### Collected data
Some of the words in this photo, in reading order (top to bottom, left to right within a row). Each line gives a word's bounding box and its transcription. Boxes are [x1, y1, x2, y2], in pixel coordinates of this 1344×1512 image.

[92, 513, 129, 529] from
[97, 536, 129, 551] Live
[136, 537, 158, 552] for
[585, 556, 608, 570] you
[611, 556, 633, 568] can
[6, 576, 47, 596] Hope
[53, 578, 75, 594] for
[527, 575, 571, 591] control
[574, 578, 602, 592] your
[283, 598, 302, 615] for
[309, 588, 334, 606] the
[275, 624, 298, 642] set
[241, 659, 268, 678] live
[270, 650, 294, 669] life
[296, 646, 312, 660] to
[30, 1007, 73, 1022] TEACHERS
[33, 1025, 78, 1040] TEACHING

### TASK STATEMENT
Every entry must be set down again exactly as it reads.

### SOLVED PROBLEM
Some of the words in this photo, in reading order (top to bottom, left to right within a row). Each line gives a word's bounding box and its transcription. Boxes are [x1, y1, x2, y2], in pixel coordinates of this 1344×1512 image.

[92, 513, 129, 529] from
[97, 536, 129, 551] Live
[136, 537, 158, 552] for
[585, 556, 608, 570] you
[611, 556, 633, 568] can
[6, 576, 47, 596] Hope
[53, 578, 75, 594] for
[527, 575, 571, 591] control
[574, 578, 602, 592] your
[283, 598, 302, 615] for
[309, 588, 334, 606] the
[275, 624, 298, 642] set
[241, 659, 268, 678] live
[270, 650, 294, 669] life
[296, 646, 312, 660] to
[30, 1007, 73, 1022] TEACHERS
[33, 1025, 78, 1040] TEACHING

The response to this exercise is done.